The Year Implant Course

course-img_small.jpg
Find Out More

Subscribe to Email Updates

Latest Blog Post

Nihilism

Colin Campbell
by Colin Campbell on 20/10/20 18:00

When I was growing up and in the 1980’s there was a Scottish comedian called Bing Hitler (his real name was Craig Ferguson) he went to the United States and was quite famous.

In his classic comedy LP (yes that was a thing younger readers) he talked about how he hated ‘ism’s’.

He did a very funny sketch about it because his most hated ism was someone called George Chism which made a mockery of ism’s itself.

One of the ism’s he mentioned though was nihilism and it always struck me because I didn’t really understand what it was.

If you don’t know the name, I bet you do understand the concept now though.

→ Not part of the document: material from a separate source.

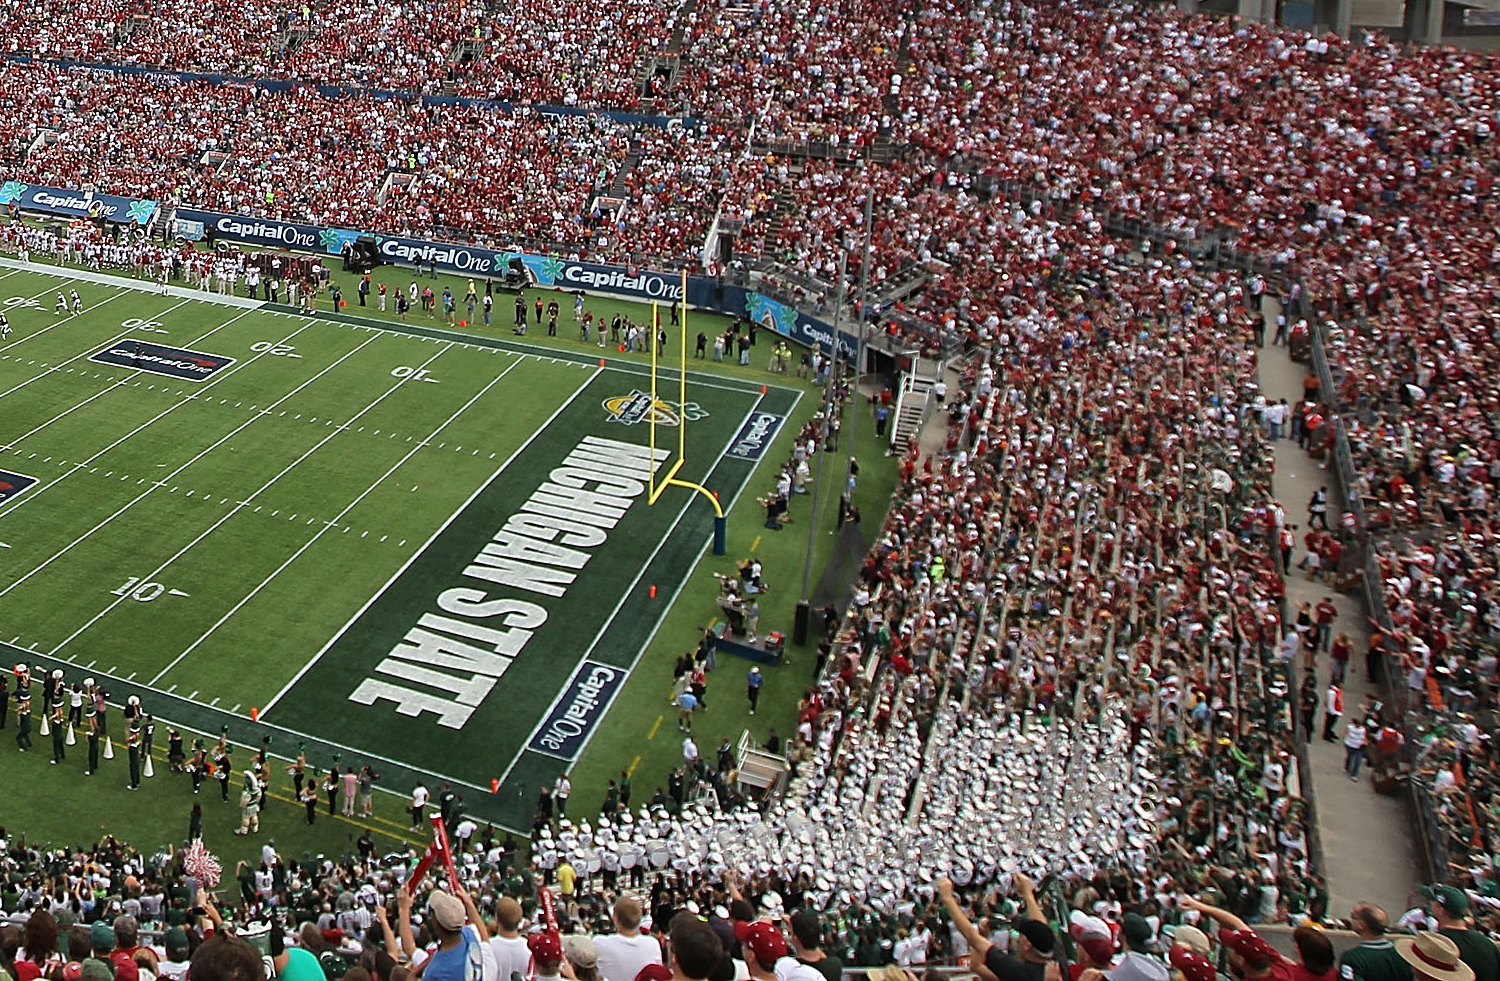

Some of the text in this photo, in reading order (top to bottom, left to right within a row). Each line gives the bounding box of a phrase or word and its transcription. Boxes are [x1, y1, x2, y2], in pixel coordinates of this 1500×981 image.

Looking into a dark future with no sign of optimism and no sign of hope is a pretty horrible place to be.

The narrative begins to write and rewrite itself in bold and underlined, in red and in large font.

It causes people to wake up in the morning with a horrible feeling in the pit of their stomach.

It leads people to drink and to take drugs and to other forms of totally abusive behaviour.

It wrecks your routine, it makes you lethargic, you want to stay in bed or stay inside and hide away from the darkness and future that you’ve written for yourself.

On Friday night though I watched 1917 at cinema club with Stuart.

This is a film I’ve wanted to see ever since I first saw the trailer and then even more so when I saw how Sam Mendes, the Director, had designed filming it and even more so when I realised that it was the stories that Sam Mendes’s grandfather told him having been in the first world war that inspired him to write it and to direct it.

For anyone who was in my previous office of old, you’ll know that I had a photograph of my wife’s great grandfather Leonard Heath who was mentioned in dispatches by Field Marshal Haig and has a certificate to tell us so signed by Winston Churchill.

I have no idea what he did in the first world war to obtain that certificate, but I can tell you that it must have been dark.

1917 is such a beautiful piece of art because it shows us some insight into what it must have been like to be involved in such a terrible, terrible dark time.

I’m pretty sure as you cross the English channel to go to France and Belgium, you felt nihilism.

I’m pretty sure you did when you arrived at the trenches.

I’m pretty sure the people you left behind felt the same and I’m pretty sure in the second world war when the bombs were dropping from overhead and you thought the Germans were soon to invade, that nihilism was the ism of choice.

I’m pretty sure it was dark times for many people in the 1970’s when the power was being turned off on a regular basis, I know it was for my grandparents.

I’m pretty sure it was dark if you were a minor in the 1980’s.

The thing is that we always have times like this, they just have a different name and a different badge.

It’s rough now for many, many people but the only way through is to band together and to talk and to speak and to gain as much humanity as we can and to push back against restrictions which remove that humanity from us.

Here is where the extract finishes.